## ASSIGNED TASK:
Could you repeat all of the entries exactly, leaving out any pictures?

[Start of section]

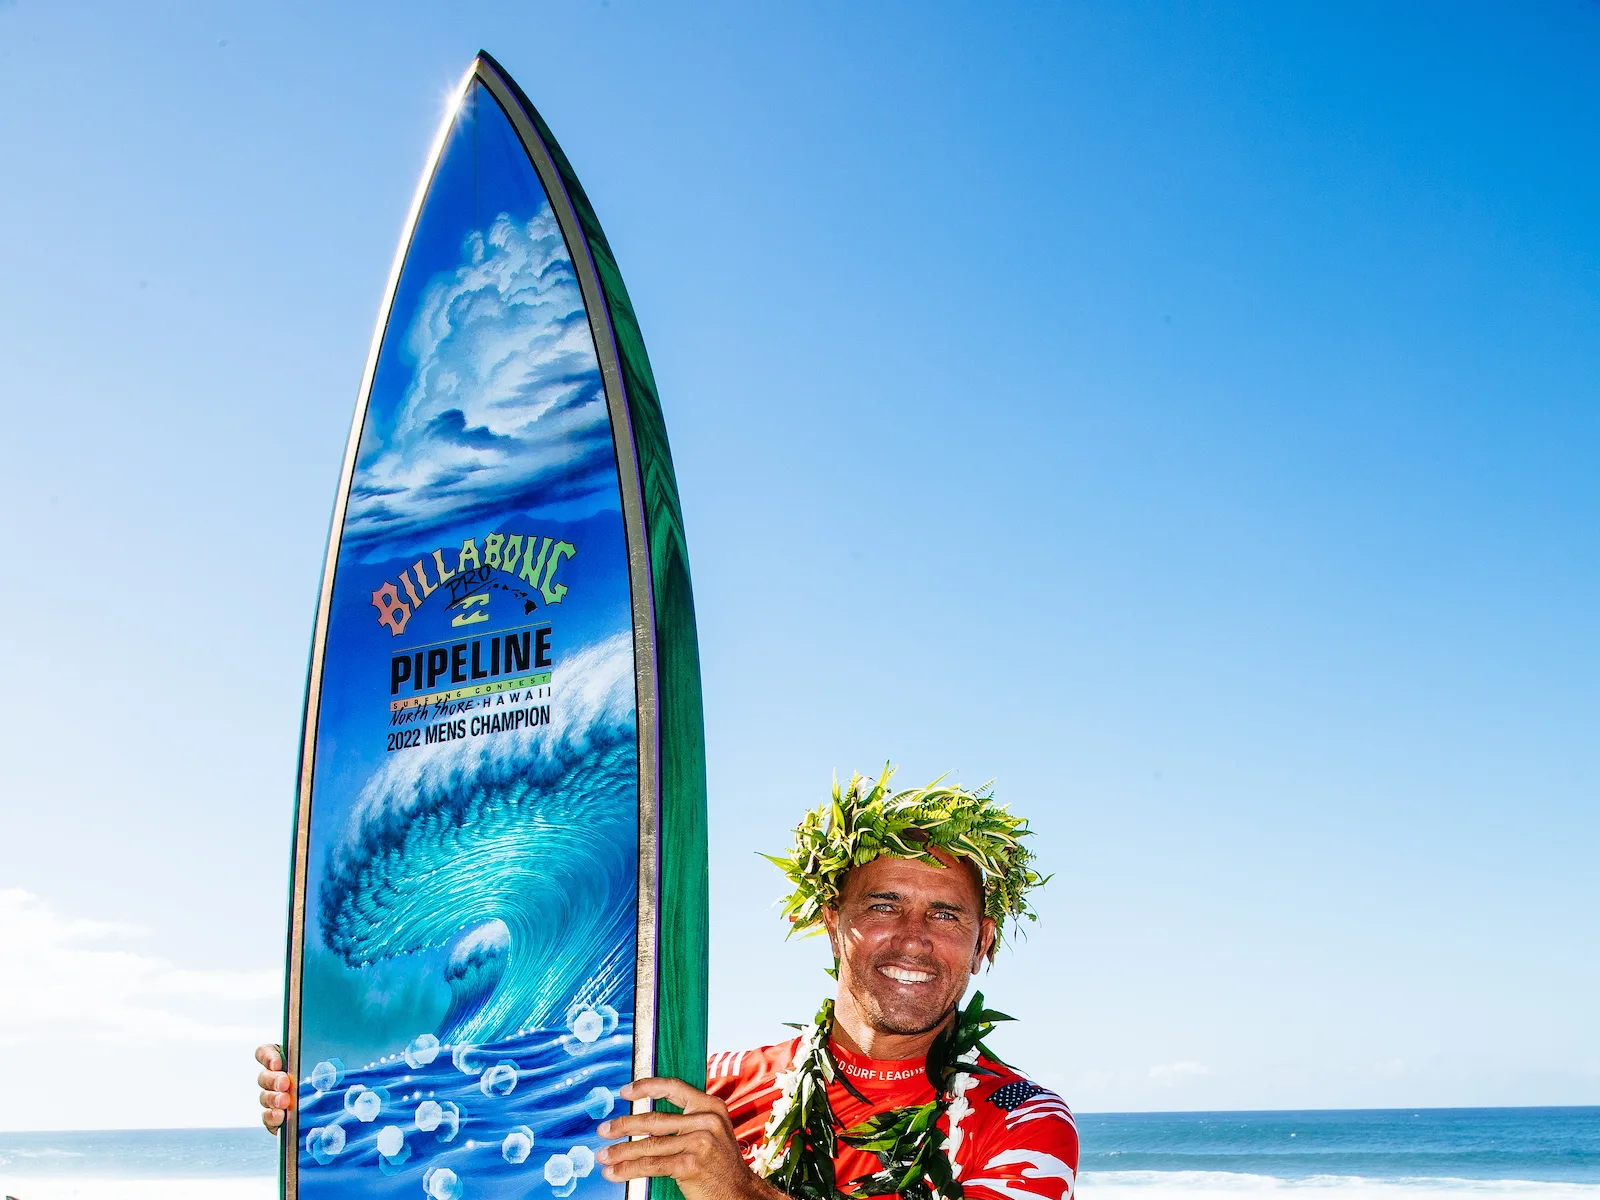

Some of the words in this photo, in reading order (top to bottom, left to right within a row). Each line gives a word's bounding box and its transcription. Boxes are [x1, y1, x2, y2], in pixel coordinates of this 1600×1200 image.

[371, 531, 577, 637] BILLABONG
[444, 563, 491, 604] PRO
[391, 627, 552, 695] PIPELINE
[392, 692, 461, 710] SURFING
[475, 676, 546, 694] CONTEST
[483, 686, 551, 708] HAWAII
[387, 729, 421, 751] 2022
[425, 718, 466, 744] MENS
[470, 705, 550, 736] CHAMPION
[846, 1064, 877, 1080] SURF

[End of section]

## SOLVED EXERCISE:
Some of the words in this photo, in reading order (top to bottom, left to right within a row). Each line gives a word's bounding box and its transcription. Boxes are [x1, y1, x2, y2], in pixel coordinates of this 1600×1200 image.

[371, 531, 577, 637] BILLABONG
[444, 563, 491, 604] PRO
[391, 627, 552, 695] PIPELINE
[392, 692, 461, 710] SURFING
[475, 676, 546, 694] CONTEST
[483, 686, 551, 708] HAWAII
[387, 729, 421, 751] 2022
[425, 718, 466, 744] MENS
[470, 705, 550, 736] CHAMPION
[846, 1064, 877, 1080] SURF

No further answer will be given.